ABOUT THIS TASK:
Write out, word for word, only the lines from the one with "Some of the words" to the end of the data below.

INFORMATION SUPPLIED:
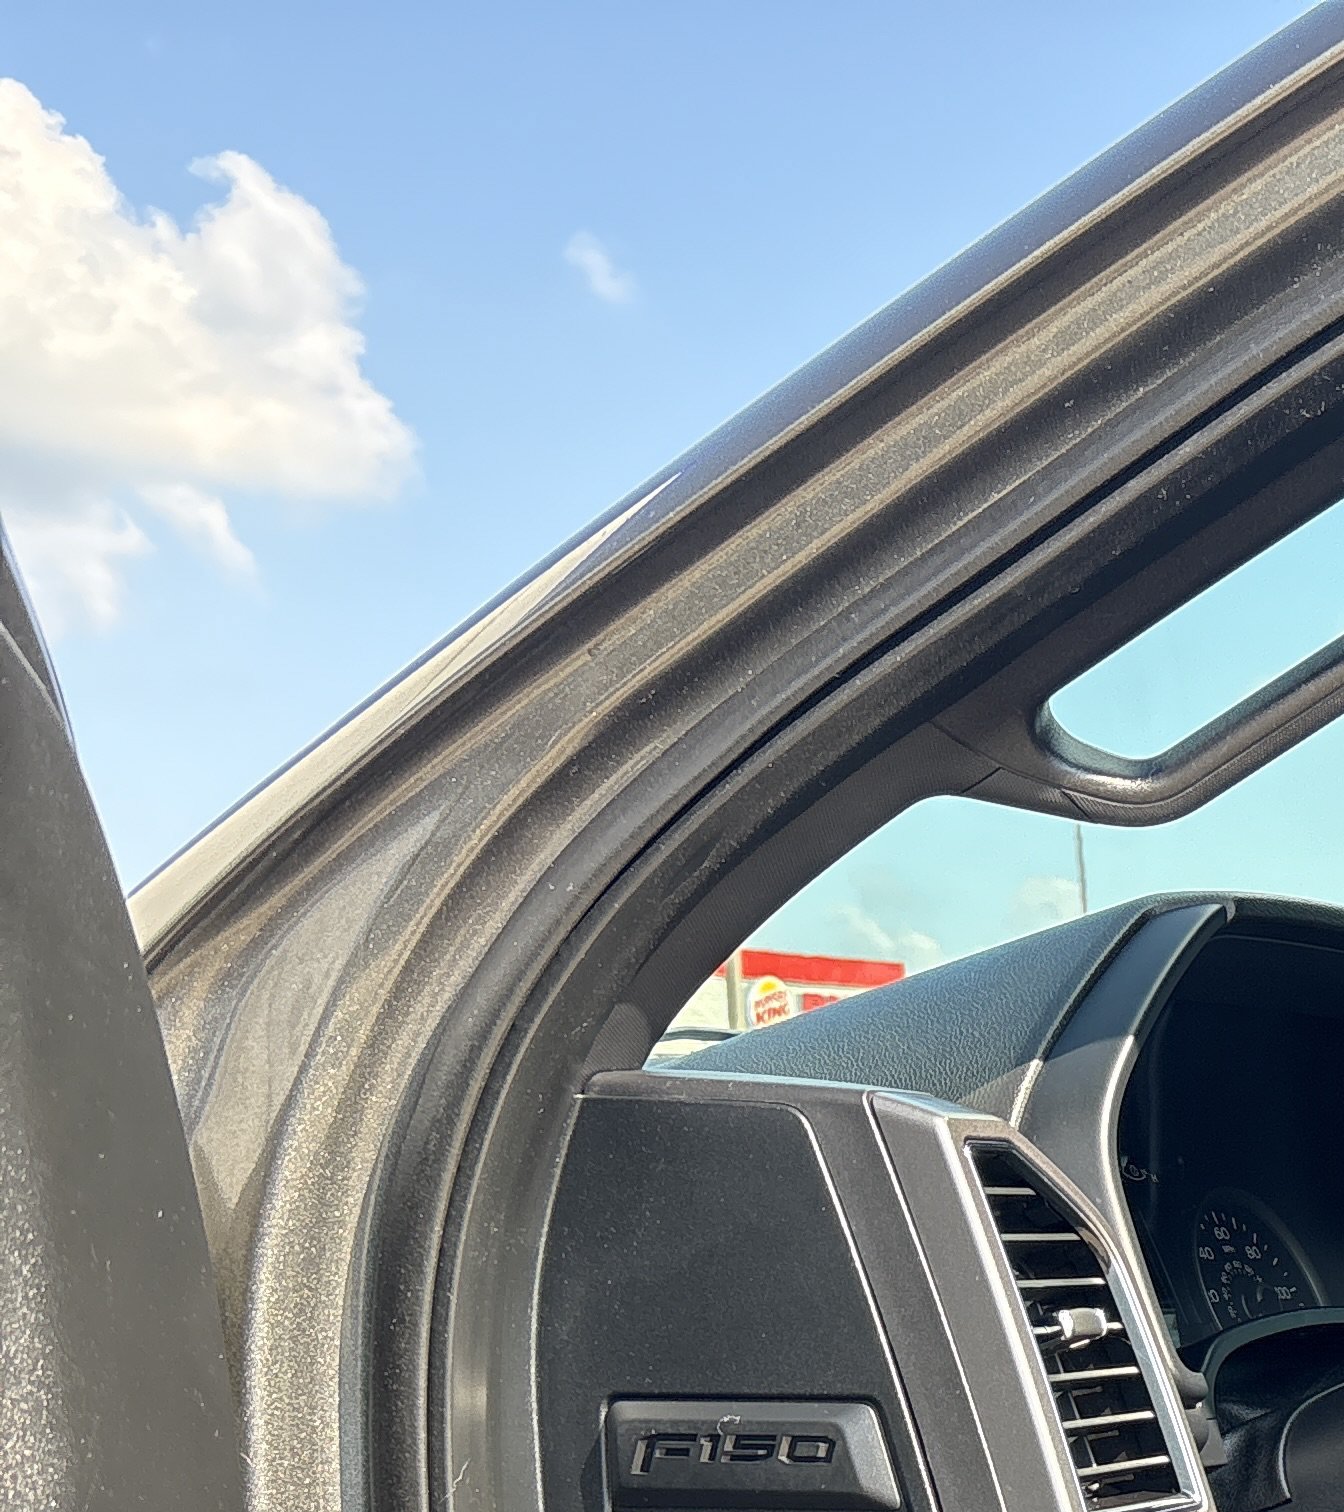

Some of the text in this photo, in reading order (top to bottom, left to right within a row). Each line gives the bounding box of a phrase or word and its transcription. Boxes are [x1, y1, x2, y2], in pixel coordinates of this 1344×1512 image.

[756, 1005, 790, 1024] KING
[1214, 1226, 1230, 1240] 60
[1199, 1246, 1215, 1260] 40
[1245, 1245, 1261, 1259] 80
[630, 1432, 837, 1476] F150
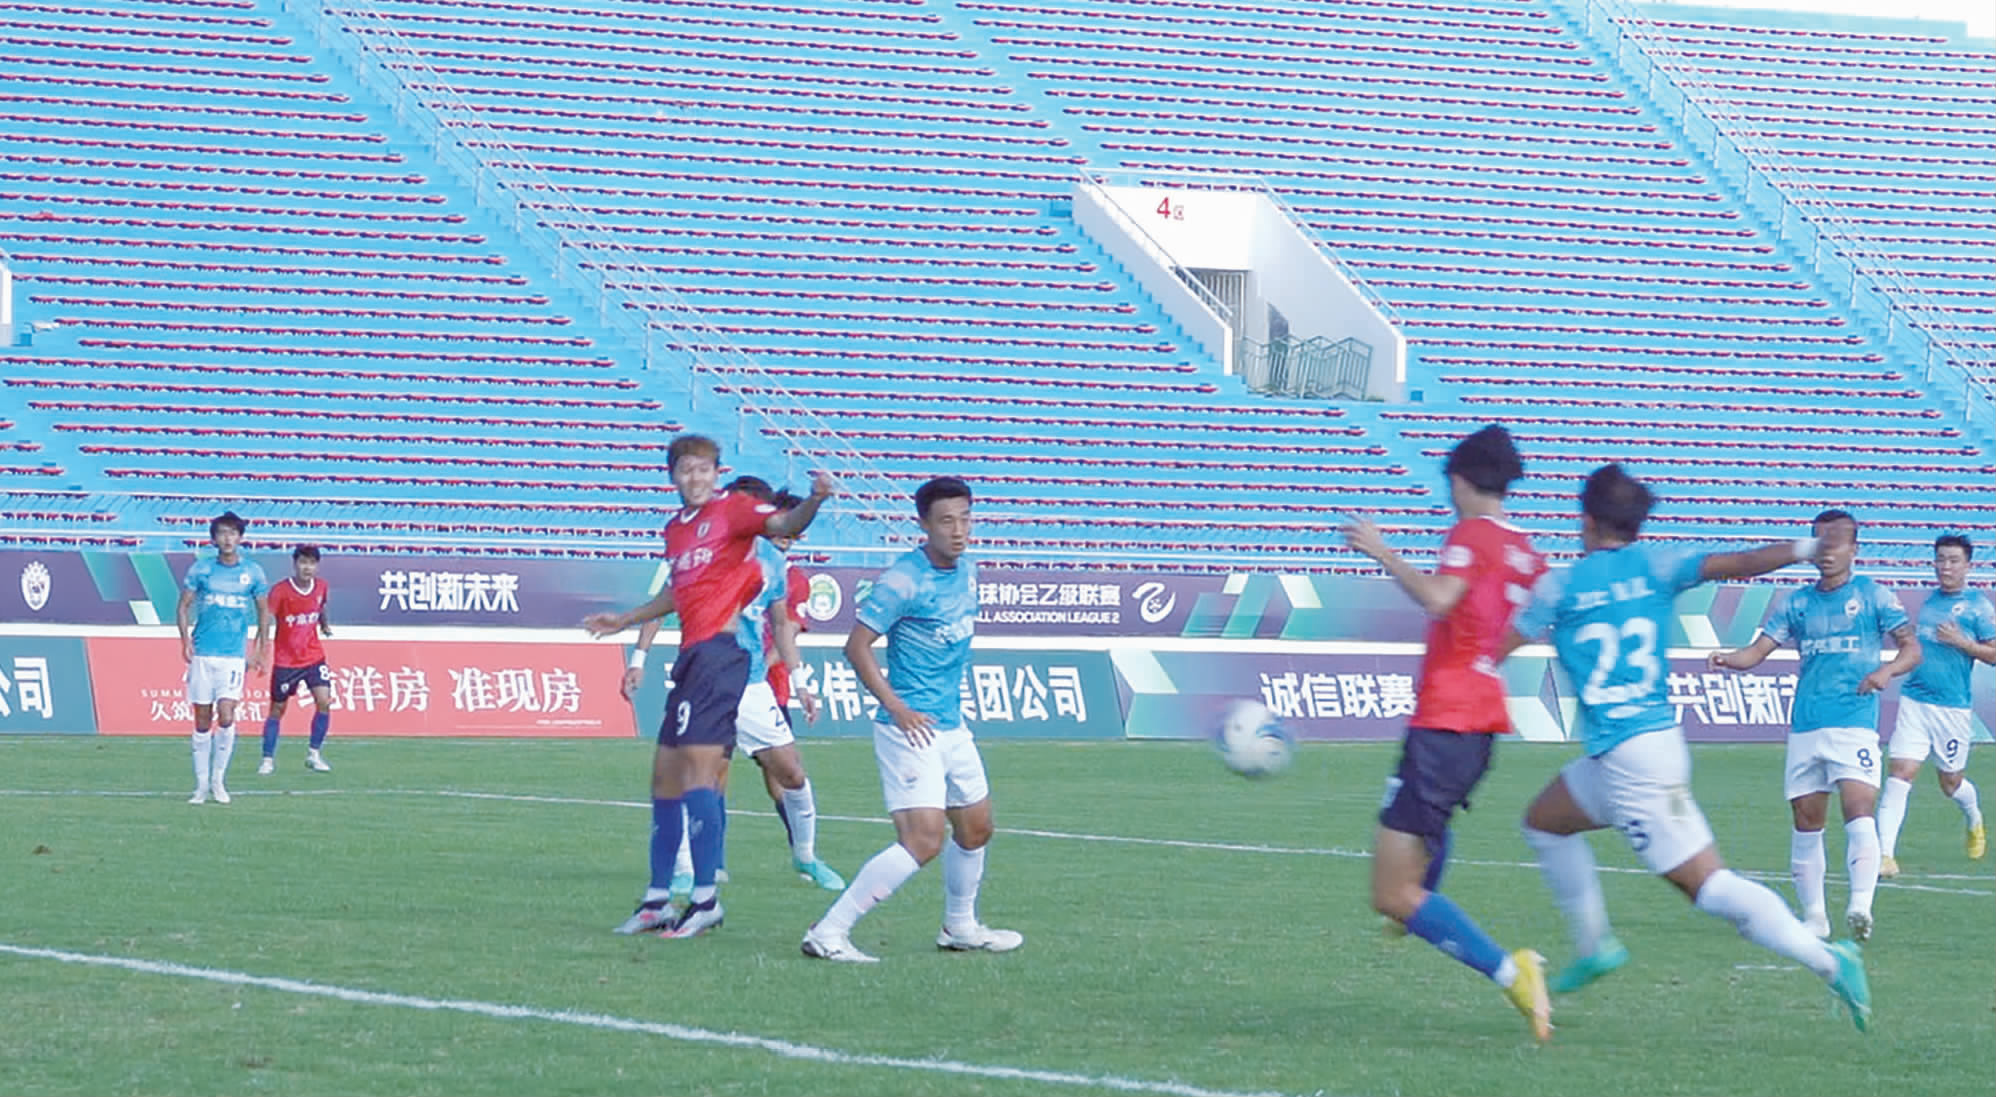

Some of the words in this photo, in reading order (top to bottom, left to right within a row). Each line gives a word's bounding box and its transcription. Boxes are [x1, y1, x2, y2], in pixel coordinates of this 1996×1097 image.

[379, 571, 520, 612] 共创新未来
[993, 611, 1067, 624] ASSOCIATION
[1068, 612, 1110, 624] LEAGUE
[1111, 612, 1121, 624] 2
[1575, 617, 1661, 705] 23
[448, 667, 582, 713] 准现房
[1260, 672, 1417, 718] 诚信联赛
[677, 701, 691, 736] 9
[1856, 748, 1873, 768] 8
[1946, 739, 1959, 760] 9

RESPONSE AREA:
Some of the words in this photo, in reading order (top to bottom, left to right within a row). Each line gives a word's bounding box and its transcription. Boxes are [x1, y1, x2, y2], in pixel coordinates of this 1996×1097 image.

[379, 571, 520, 612] 共创新未来
[993, 611, 1067, 624] ASSOCIATION
[1068, 612, 1110, 624] LEAGUE
[1111, 612, 1121, 624] 2
[1575, 617, 1661, 705] 23
[448, 667, 582, 713] 准现房
[1260, 672, 1417, 718] 诚信联赛
[677, 701, 691, 736] 9
[1856, 748, 1873, 768] 8
[1946, 739, 1959, 760] 9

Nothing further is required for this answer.